• [Data supplied]
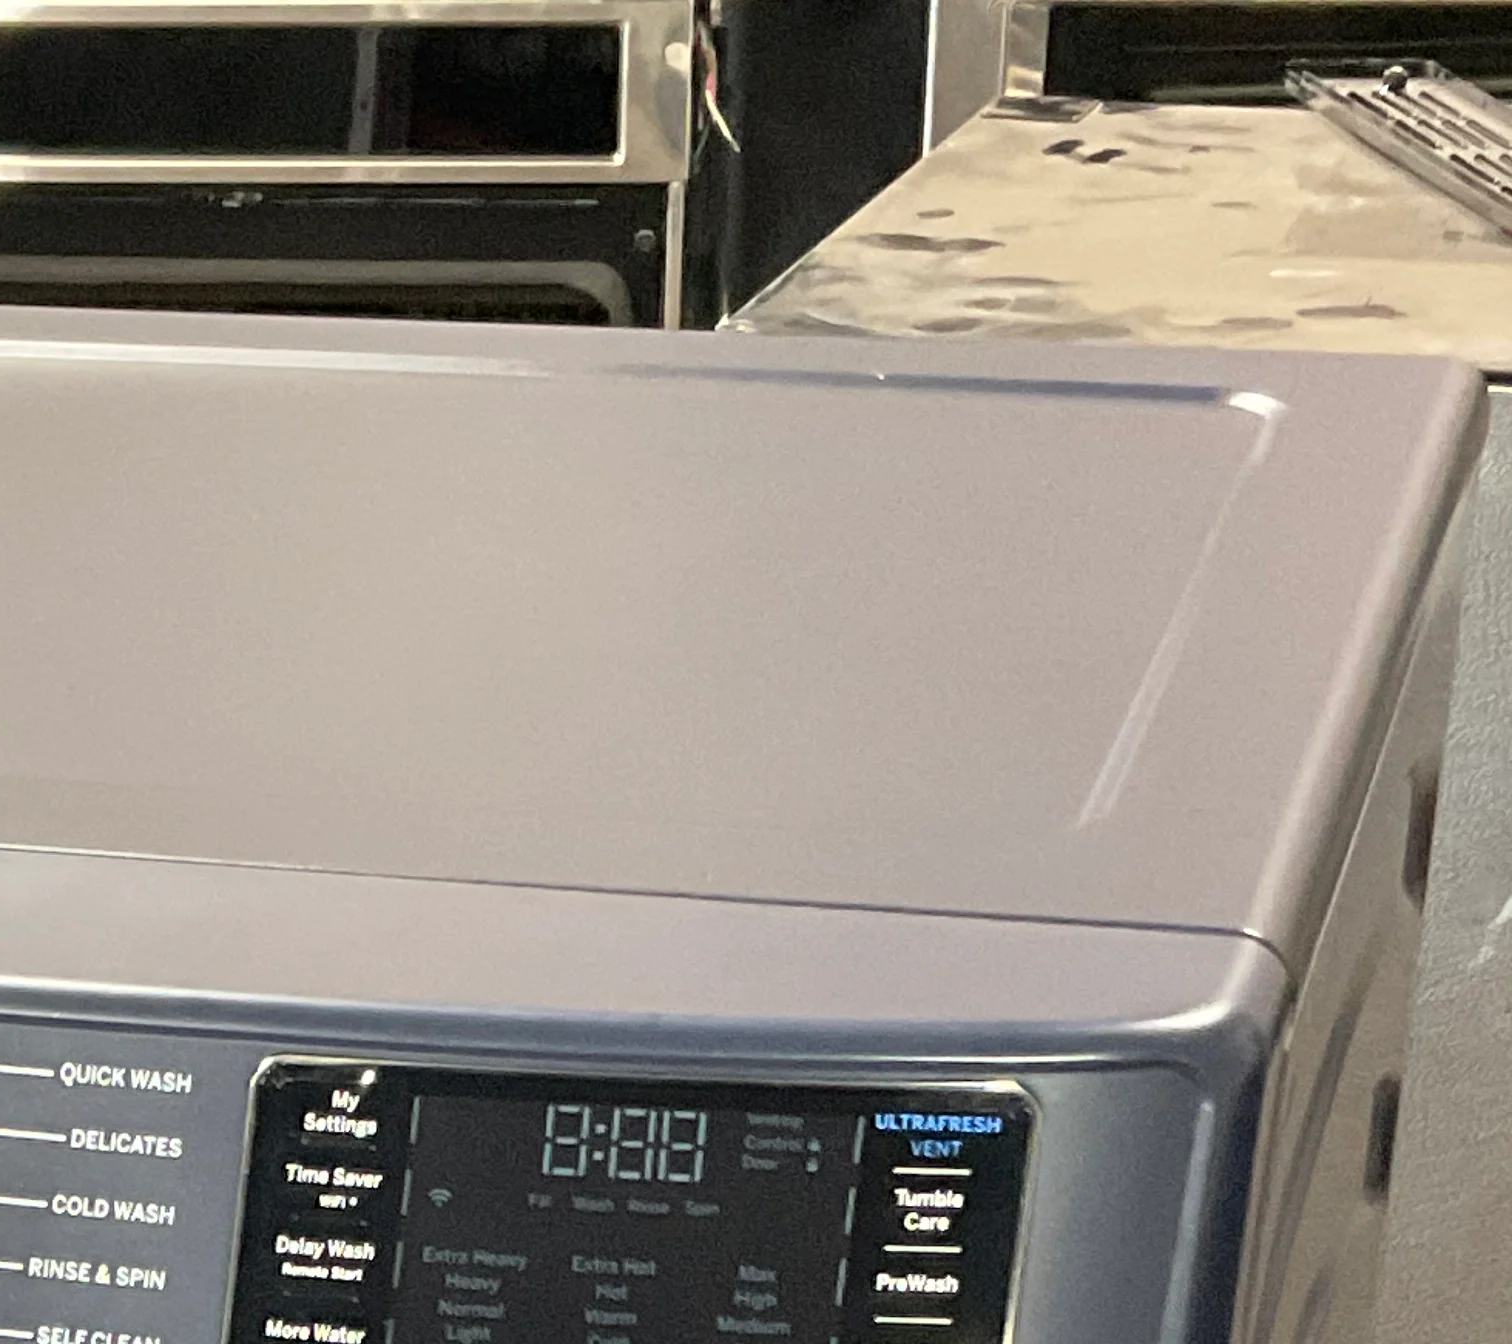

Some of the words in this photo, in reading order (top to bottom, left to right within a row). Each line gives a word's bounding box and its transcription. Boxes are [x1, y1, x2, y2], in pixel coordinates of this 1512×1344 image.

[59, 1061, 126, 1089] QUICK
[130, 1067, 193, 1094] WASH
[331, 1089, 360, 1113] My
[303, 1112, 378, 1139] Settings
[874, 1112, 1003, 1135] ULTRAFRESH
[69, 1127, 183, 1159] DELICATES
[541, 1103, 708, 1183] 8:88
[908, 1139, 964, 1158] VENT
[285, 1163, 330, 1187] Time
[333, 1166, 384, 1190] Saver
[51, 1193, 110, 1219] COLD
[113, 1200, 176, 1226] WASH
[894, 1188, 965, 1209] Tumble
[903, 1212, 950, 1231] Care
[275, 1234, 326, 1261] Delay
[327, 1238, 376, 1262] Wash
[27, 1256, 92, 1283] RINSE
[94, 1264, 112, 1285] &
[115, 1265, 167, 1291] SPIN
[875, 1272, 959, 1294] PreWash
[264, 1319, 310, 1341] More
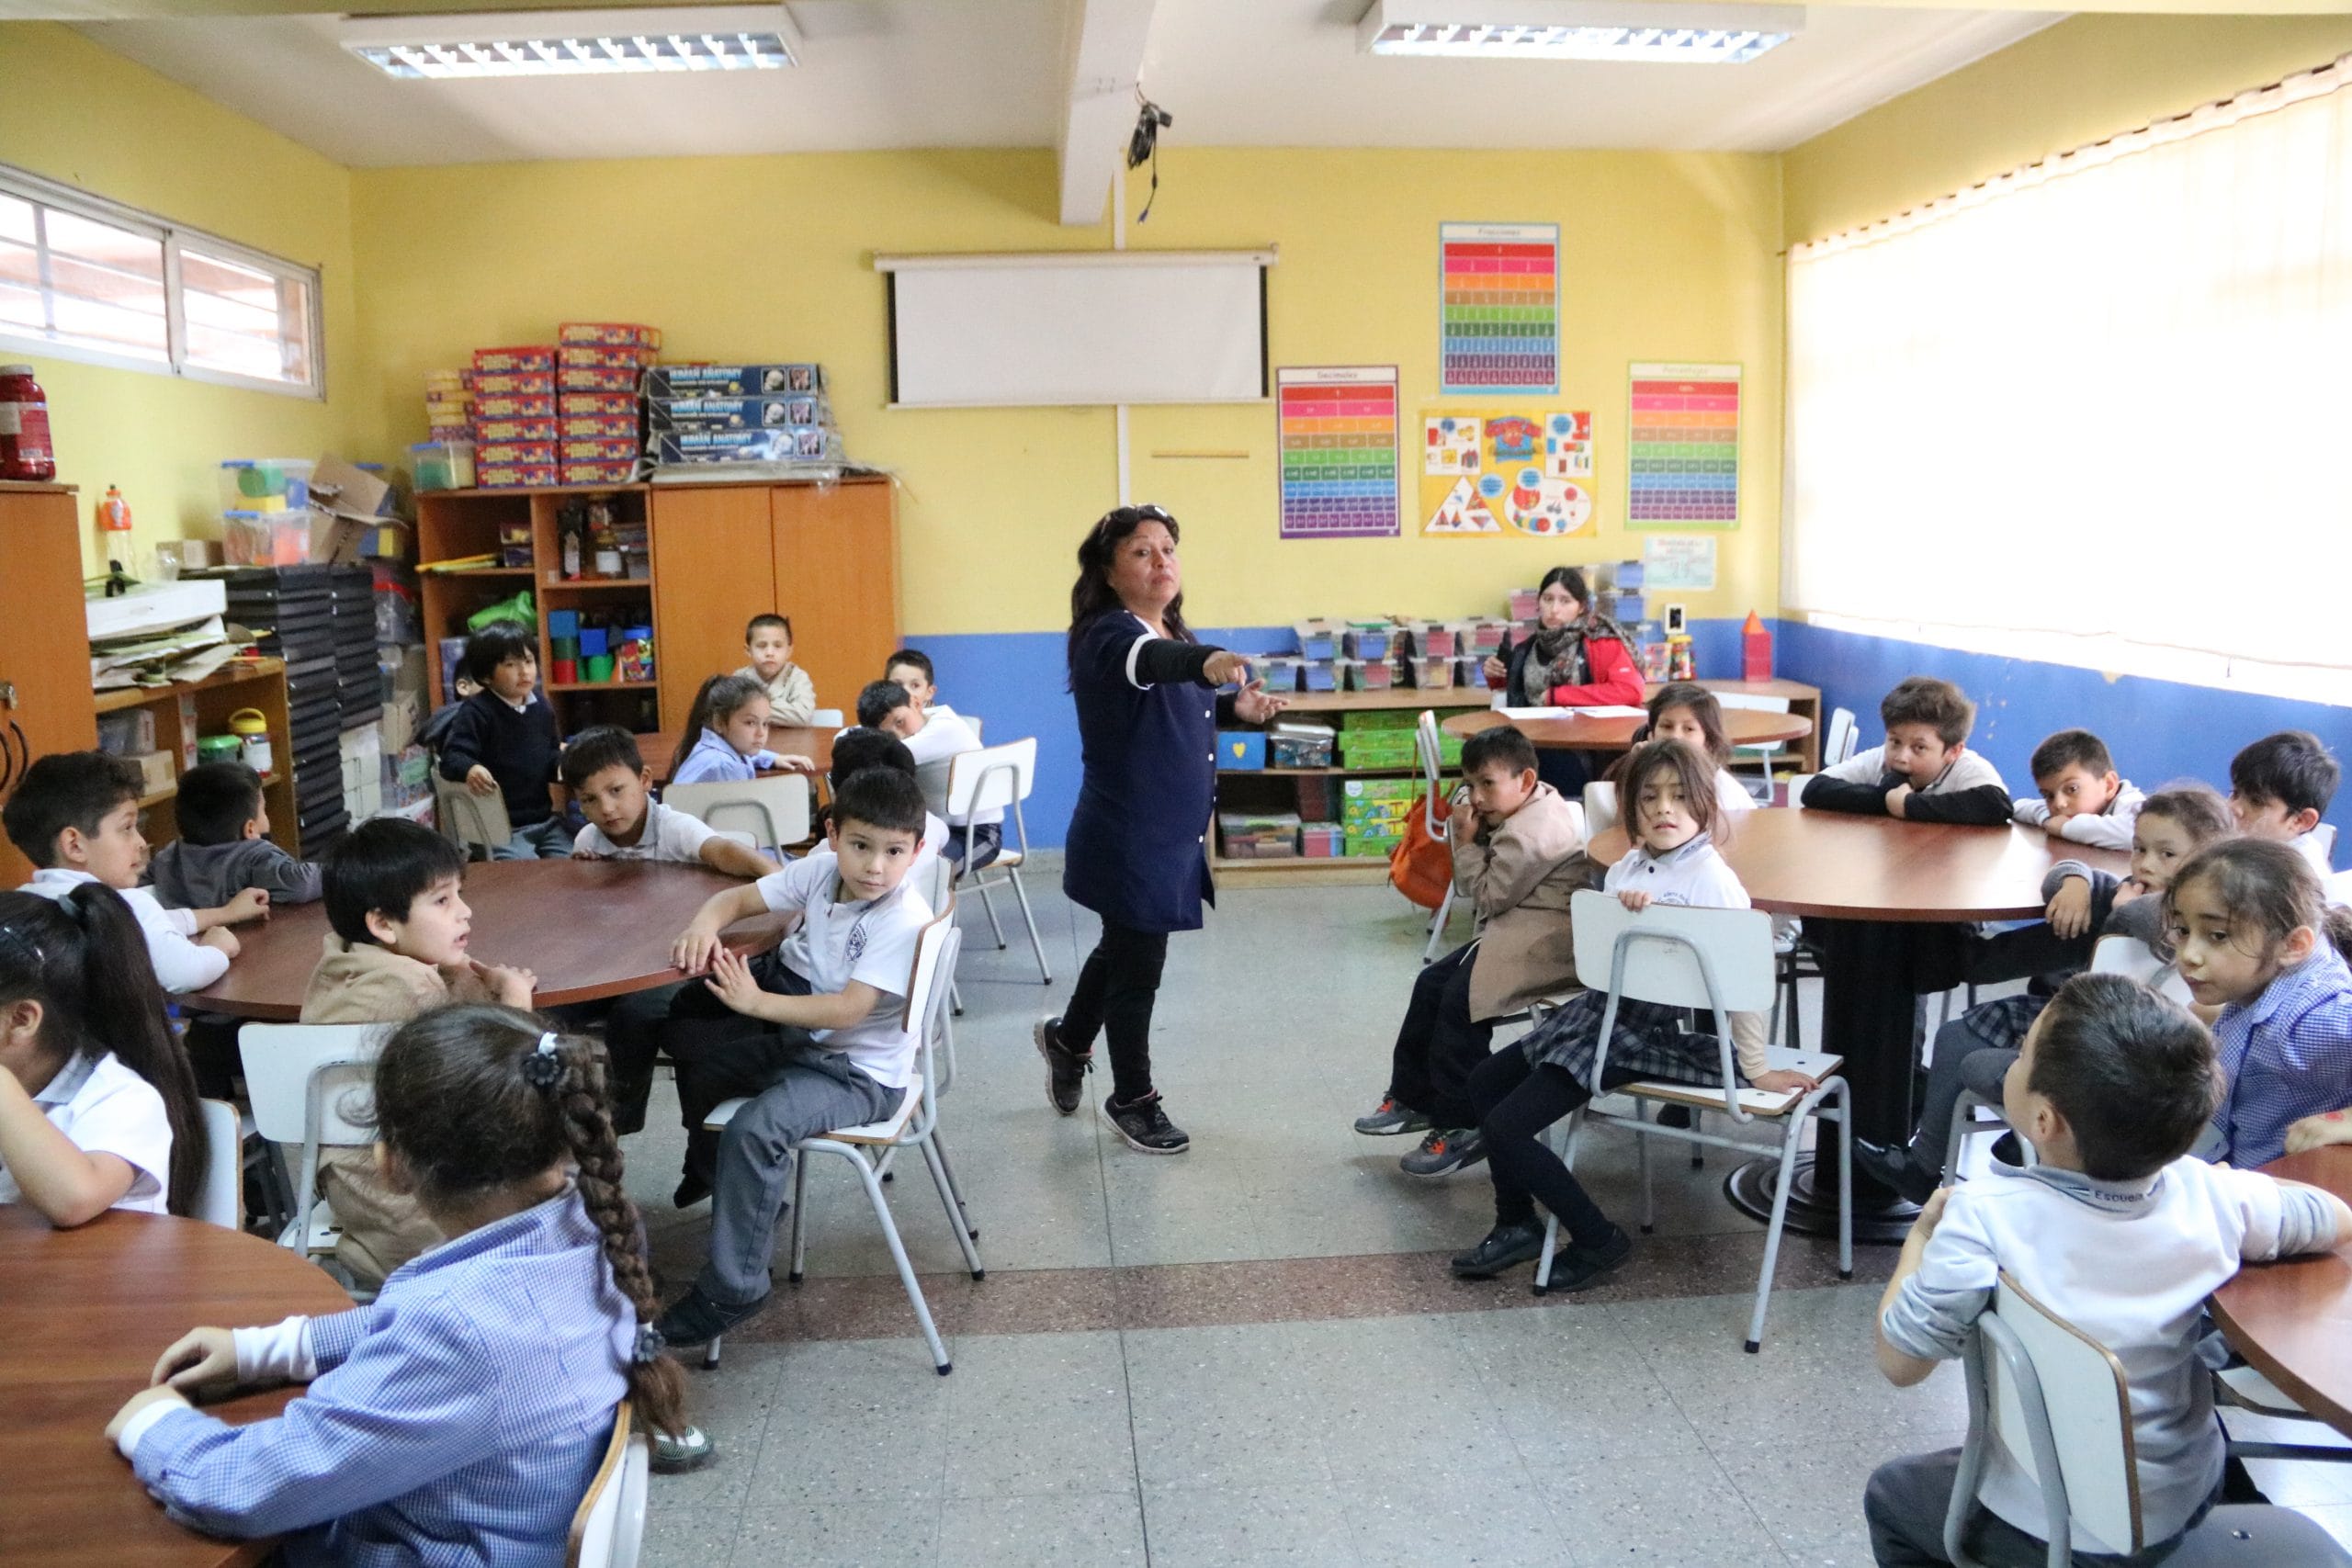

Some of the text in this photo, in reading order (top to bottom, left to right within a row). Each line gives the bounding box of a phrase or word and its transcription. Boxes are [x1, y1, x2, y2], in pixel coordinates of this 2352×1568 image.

• [Aim of the task] Please give the records again word for word, omitting all images.

• [Result]
Some of the words in this photo, in reading order (top to bottom, left to right within a row). Each line gives a word's bounding box and its transcription. Boxes are [x1, y1, x2, y2], in pixel coordinates of this 1512×1344 image.

[59, 1061, 126, 1089] QUICK
[130, 1067, 193, 1094] WASH
[331, 1089, 360, 1113] My
[303, 1112, 378, 1139] Settings
[874, 1112, 1003, 1135] ULTRAFRESH
[69, 1127, 183, 1159] DELICATES
[541, 1103, 708, 1183] 8:88
[908, 1139, 964, 1158] VENT
[285, 1163, 330, 1187] Time
[333, 1166, 384, 1190] Saver
[51, 1193, 110, 1219] COLD
[113, 1200, 176, 1226] WASH
[894, 1188, 965, 1209] Tumble
[903, 1212, 950, 1231] Care
[275, 1234, 326, 1261] Delay
[327, 1238, 376, 1262] Wash
[27, 1256, 92, 1283] RINSE
[94, 1264, 112, 1285] &
[115, 1265, 167, 1291] SPIN
[875, 1272, 959, 1294] PreWash
[264, 1319, 310, 1341] More

Some of the text in this photo, in reading order (top to bottom, left to right within a row). Each line gives the bounding box of a phrase or word and its transcription. Boxes are [x1, y1, x2, y2], in pixel coordinates of this 2352×1568 image.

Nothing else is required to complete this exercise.